Je le disais hier : la vraie révolution est faite quand l’esclave, plus grand que son maître, découvre qu’il doit la justice, même à ses tortureurs. Cette générosité sublime, le peuple, instinctif, l’éprouve à des heures qui passent. Mais la tentation est si forte, à d’autres moments, de répondre aux actes barbares par une explosion de barbarie ! Ainsi se fait la chaîne sans fin des violences, dans un décor menteur de justice et de liberté ! Ainsi les siècles ont forgé le dur anneau que nous voulons rompre pour libérer l’homme de l’iniquité !

Le soldat qui n’a d’autre emploi de sa vie que l’art de tuer, ne peut pas s’arrêter à ces idées qui ne sont, pour lui, que des misères.

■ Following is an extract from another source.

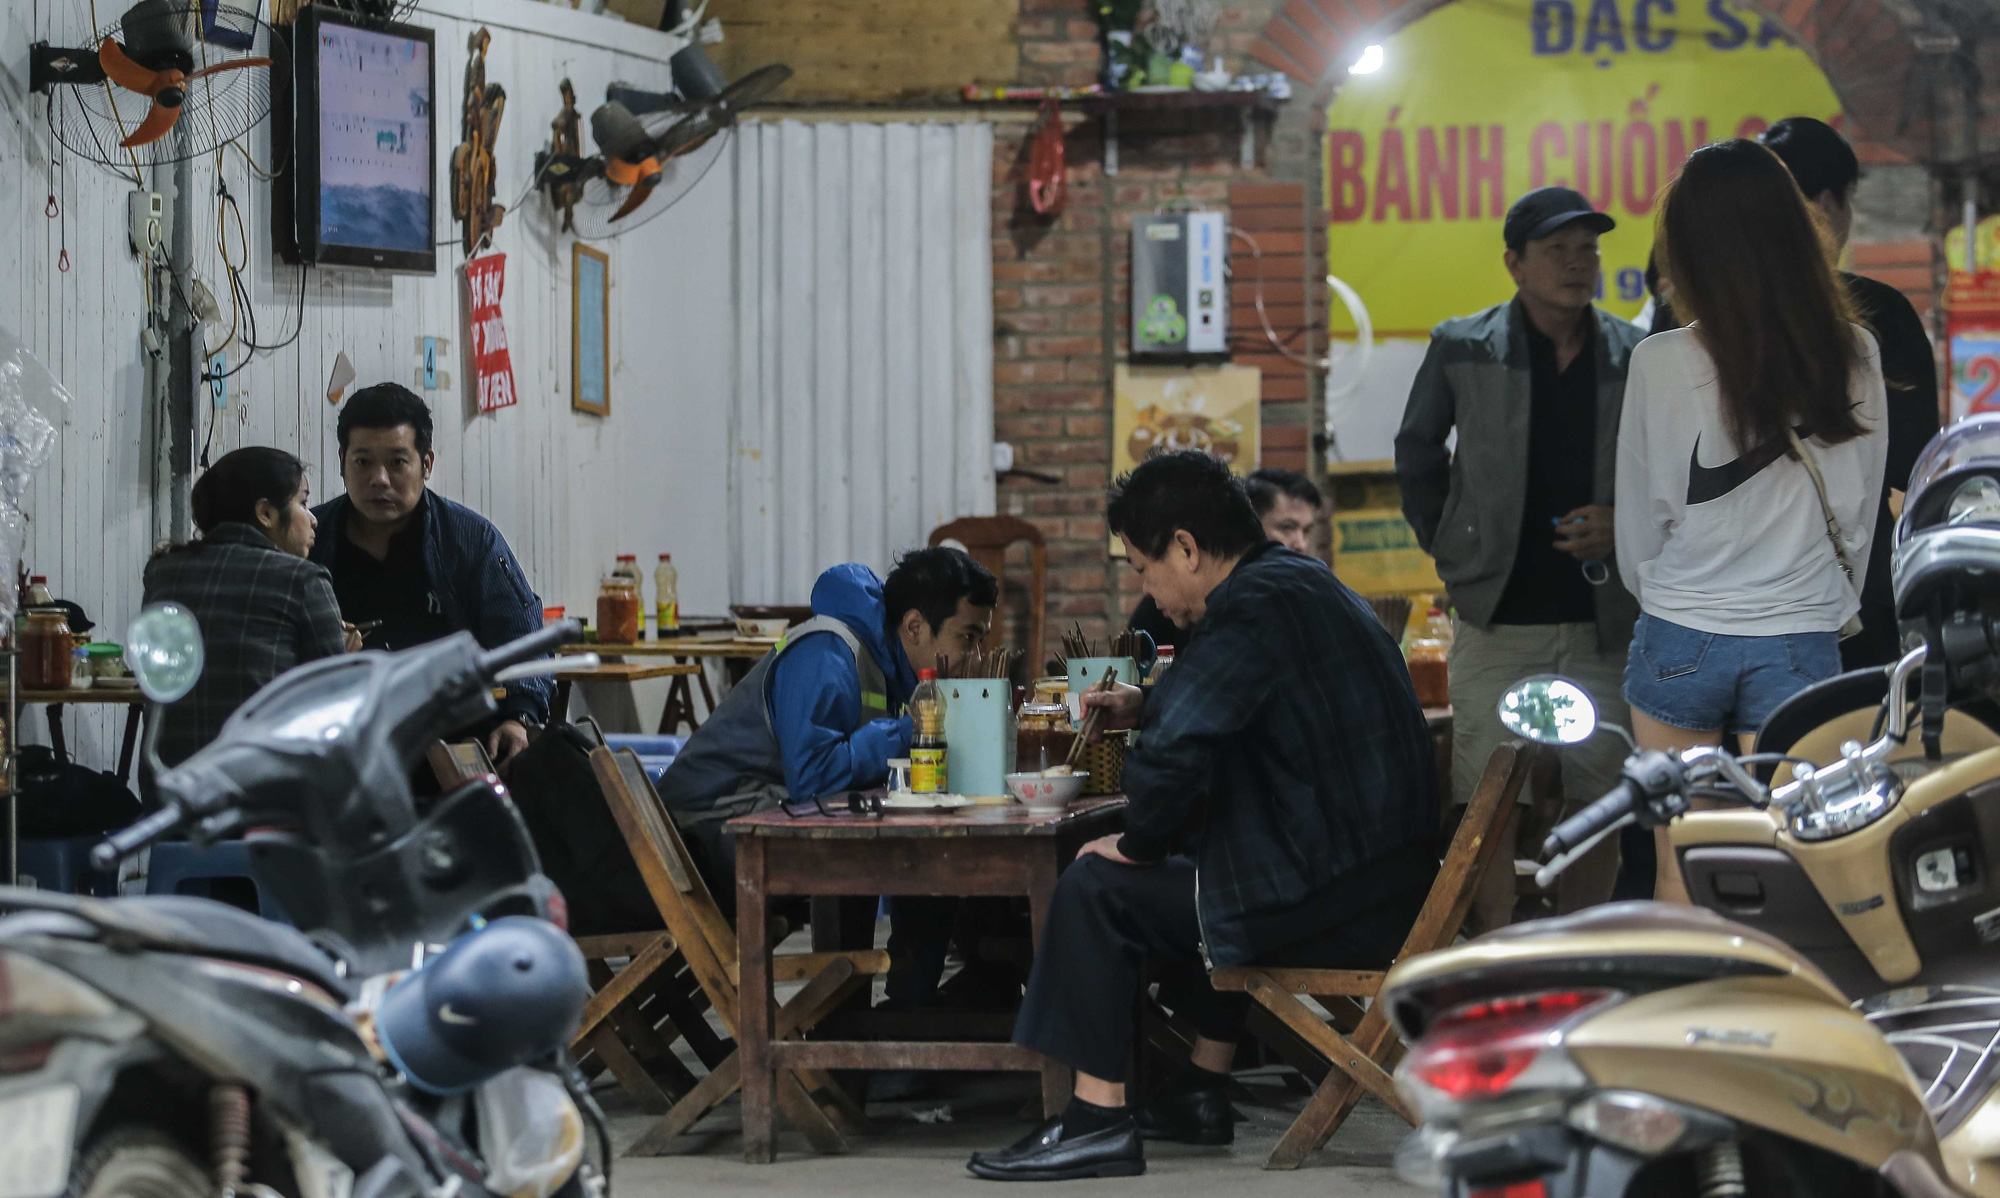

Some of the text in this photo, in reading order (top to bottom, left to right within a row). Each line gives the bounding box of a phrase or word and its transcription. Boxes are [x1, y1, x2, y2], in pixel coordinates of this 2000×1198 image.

[1328, 105, 1504, 222] BÁNH
[426, 346, 434, 379] 4
[215, 363, 223, 397] 3
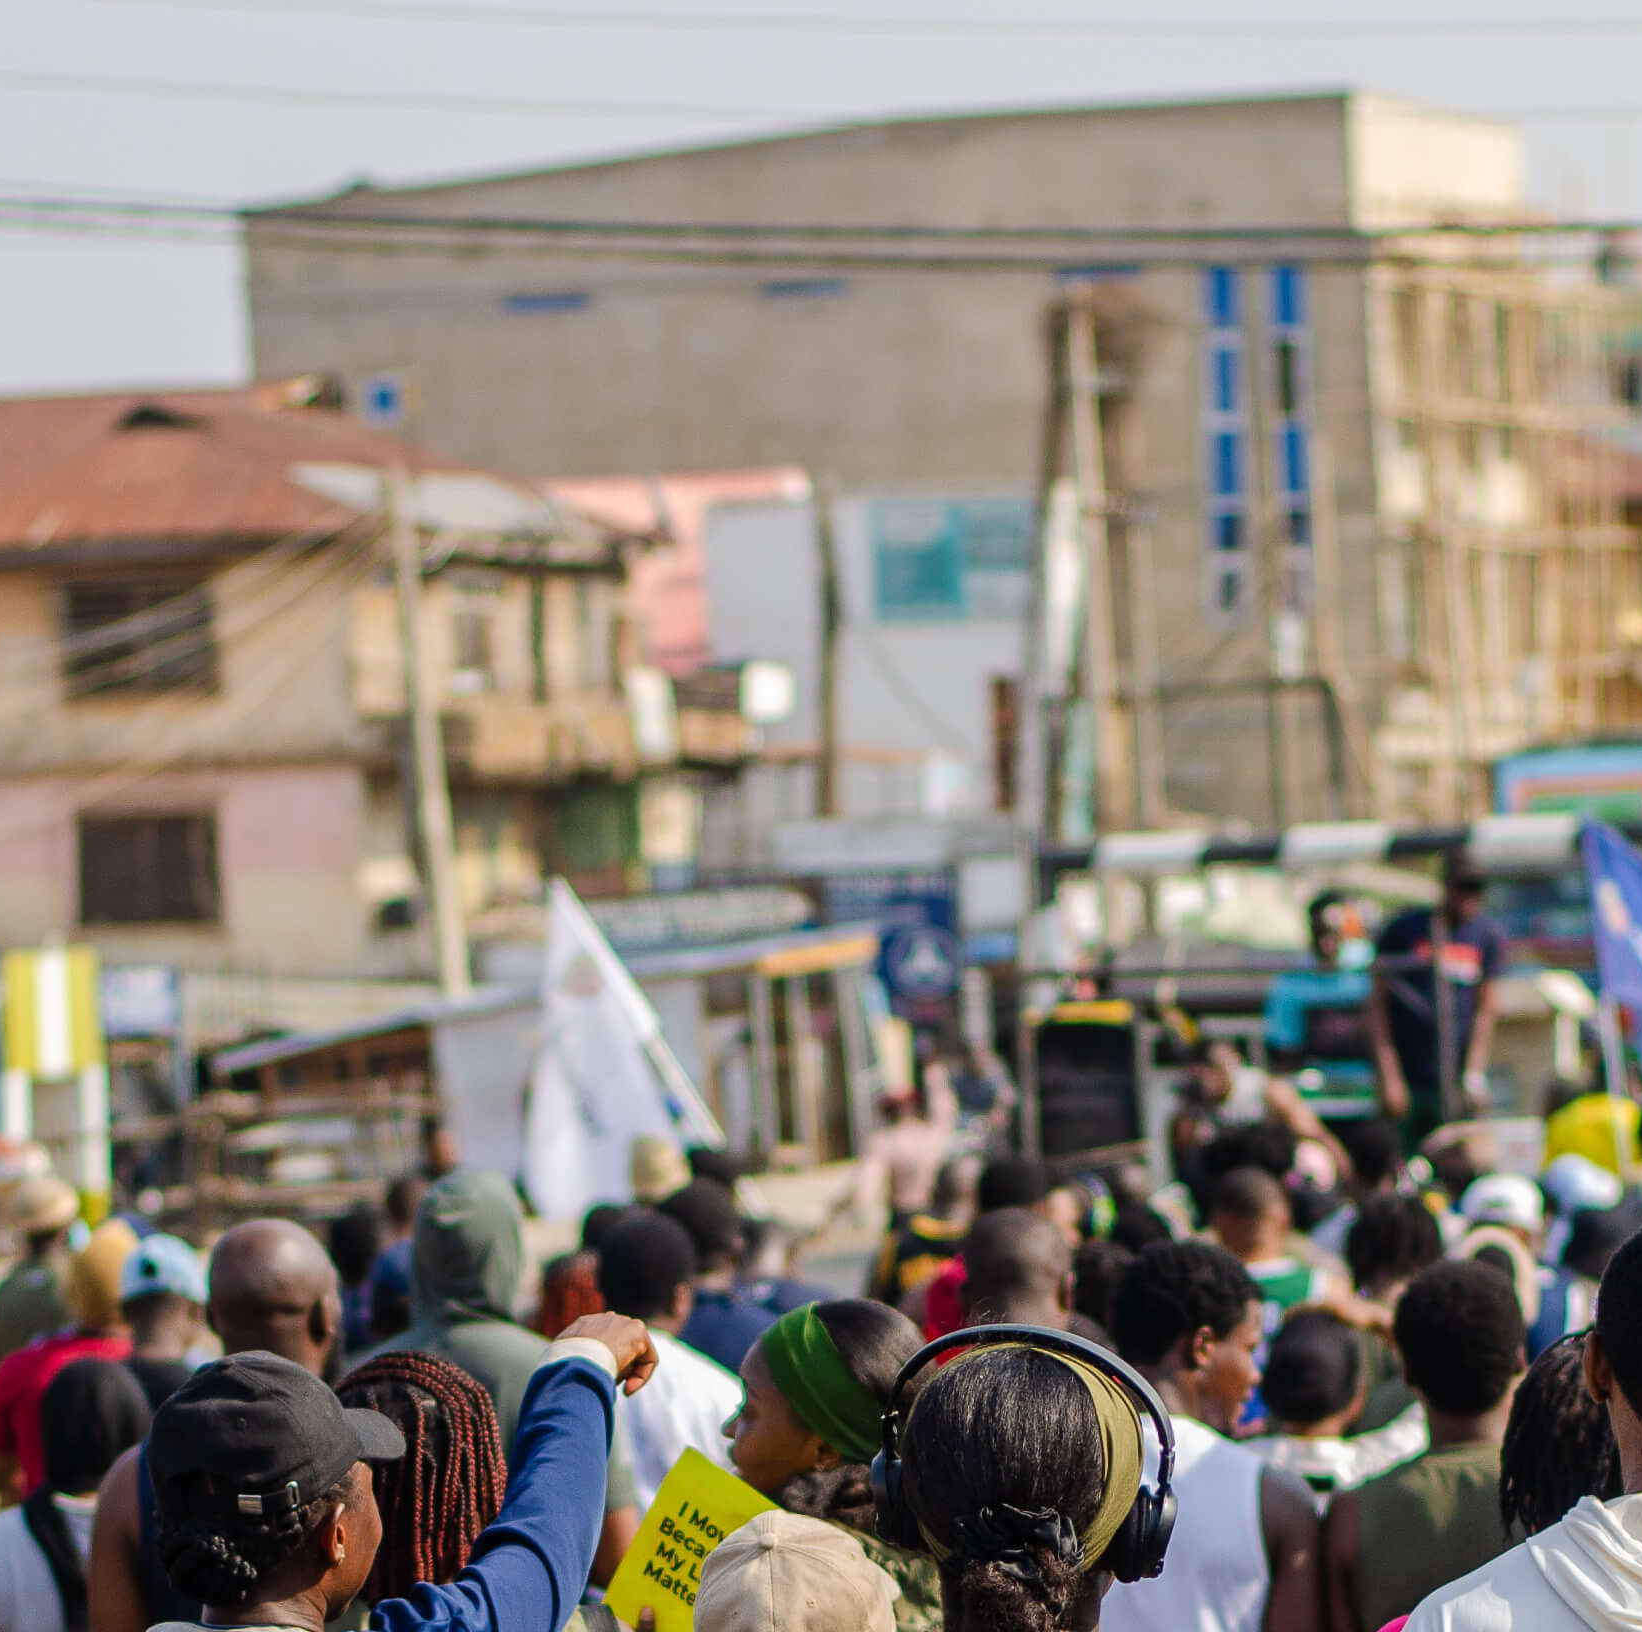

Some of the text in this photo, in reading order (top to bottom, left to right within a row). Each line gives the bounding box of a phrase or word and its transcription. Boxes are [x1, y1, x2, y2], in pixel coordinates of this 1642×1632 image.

Que lui importe la forme d’un jugement ? Il n’a, sous les beaux noms dont il se couvre, qu’un culte, celui de la force qui se dresse en tous lieux contre le droit. Aussi je ne lui en veux pas de ne pas comprendre. C’est aux civils, dans le plus noble sens du mot, aux policés, à ceux qui fondent la civilisation sur le droit qu’il appartient de réagir : aux penseurs, aux savants qui préparent l’avenir, et, avec eux, aux faibles qui sont le nombre, livrés par l’anarchie mentale à la tyrannie des plus forts.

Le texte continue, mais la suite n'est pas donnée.